CFMD: Dynamic Cross-layer Feature Fusion for Salient Object Detection
Jin Lian, Zhongyu Wan, Ming Gao, JunFeng Chen
TL;DR
CFMD addresses two key issues in salient object detection: boundary degradation from upsampling and inefficiency in multi-scale feature fusion. It introduces CFLMA, a Mamba-based context-aware aggregation for dynamic cross-layer weighting, and CLFDD, a dynamic upsampling distribution that uses content-informed offsets to preserve spatial details during resolution recovery. Together, these modules form a two-stage, architecture-agnostic framework that improves pixel-level accuracy and boundary segmentation, with ablations showing strong gains on challenging datasets and across backbones.
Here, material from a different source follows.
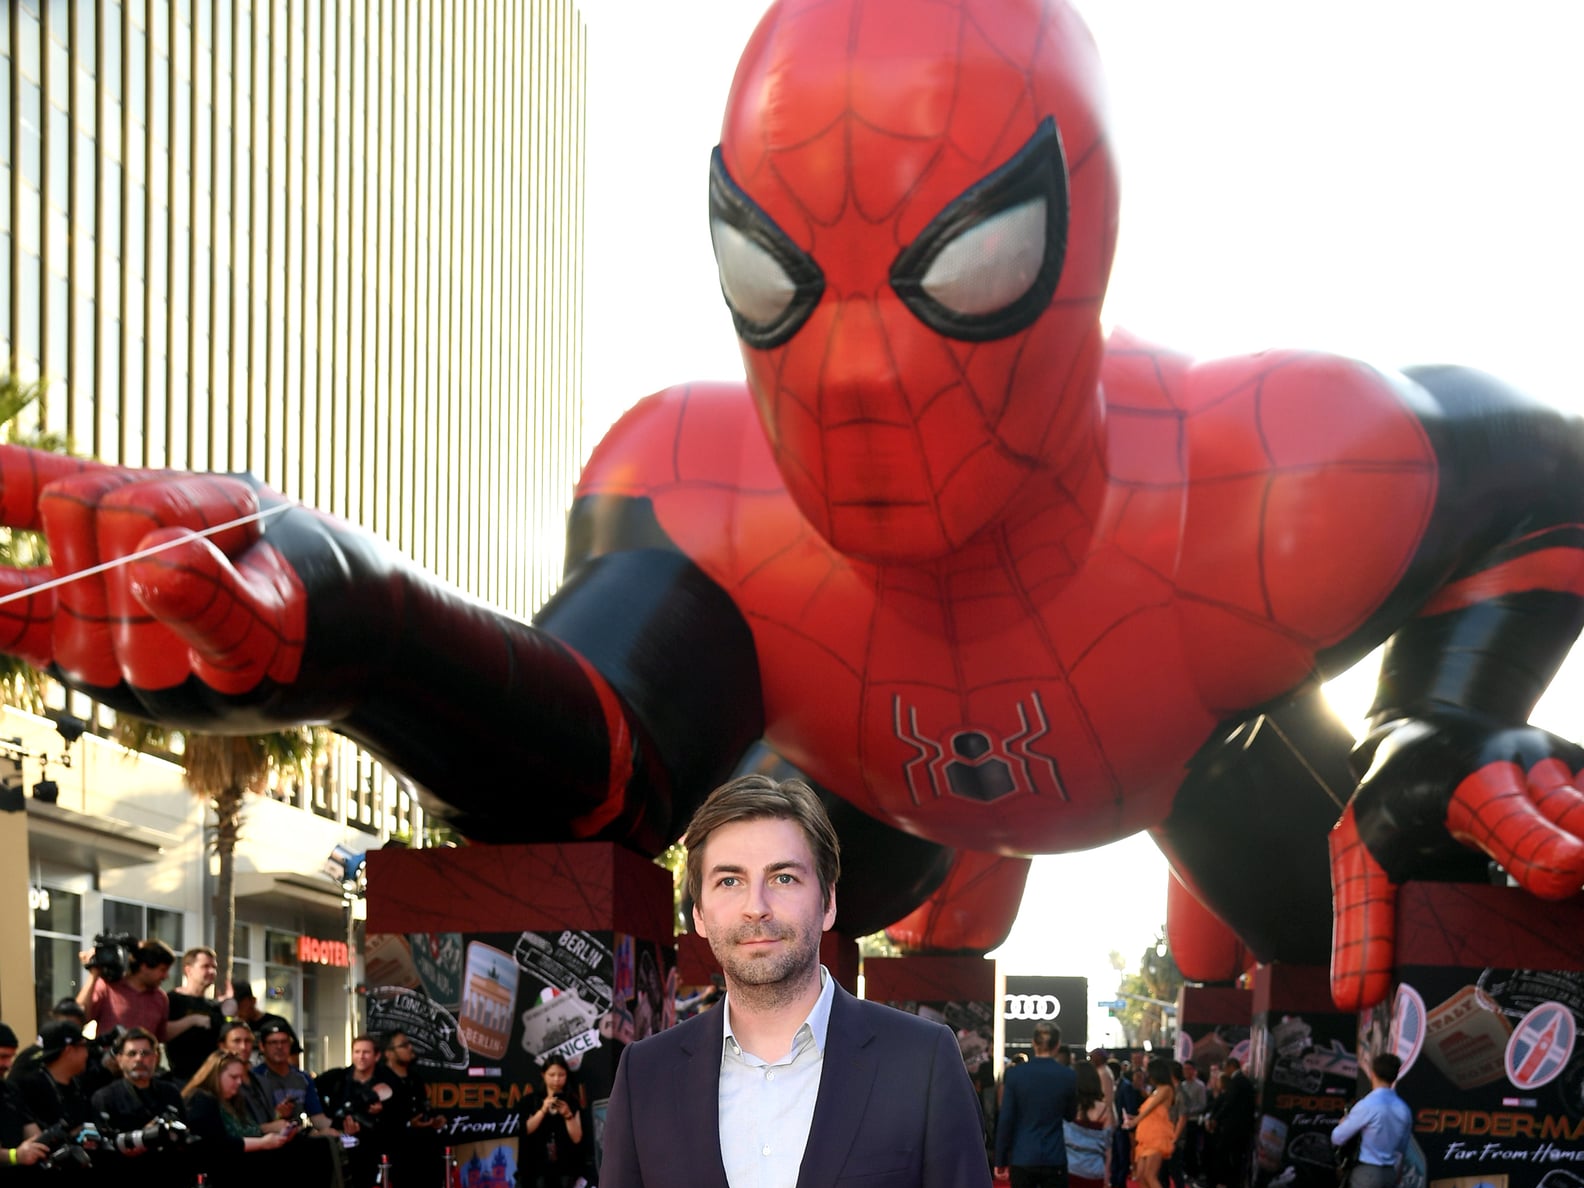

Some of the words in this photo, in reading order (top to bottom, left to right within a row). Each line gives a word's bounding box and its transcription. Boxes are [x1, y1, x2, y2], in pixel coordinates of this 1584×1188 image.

The results suggest substantial practical benefits for real-time and robust saliency detection in complex scenes, while future work points to RGB-D extension, mobile adaptation, and 3D extensions of the long-range dependency modeling.
Abstract
Cross-layer feature pyramid networks (CFPNs) have achieved notable progress in multi-scale feature fusion and boundary detail preservation for salient object detection. However, traditional CFPNs still suffer from two core limitations: (1) a computational bottleneck caused by complex feature weighting operations, and (2) degraded boundary accuracy due to feature blurring in the upsampling process. To address these challenges, we propose CFMD, a novel cross-layer feature pyramid network that introduces two key innovations. First, we design a context-aware feature aggregation module (CFLMA), which incorporates the state-of-the-art Mamba architecture to construct a dynamic weight distribution mechanism. This module adaptively adjusts feature importance based on image context, significantly improving both representation efficiency and generalization. Second, we introduce an adaptive dynamic upsampling unit (CFLMD) that preserves spatial details during resolution recovery. By adjusting the upsampling range dynamically and initializing with a bilinear strategy, the module effectively reduces feature overlap and maintains fine-grained boundary structures. Extensive experiments on three standard benchmarks using three mainstream backbone networks demonstrate that CFMD achieves substantial improvements in pixel-level accuracy and boundary segmentation quality, especially in complex scenes. The results validate the effectiveness of CFMD in jointly enhancing computational efficiency and segmentation performance, highlighting its strong potential in salient object detection tasks.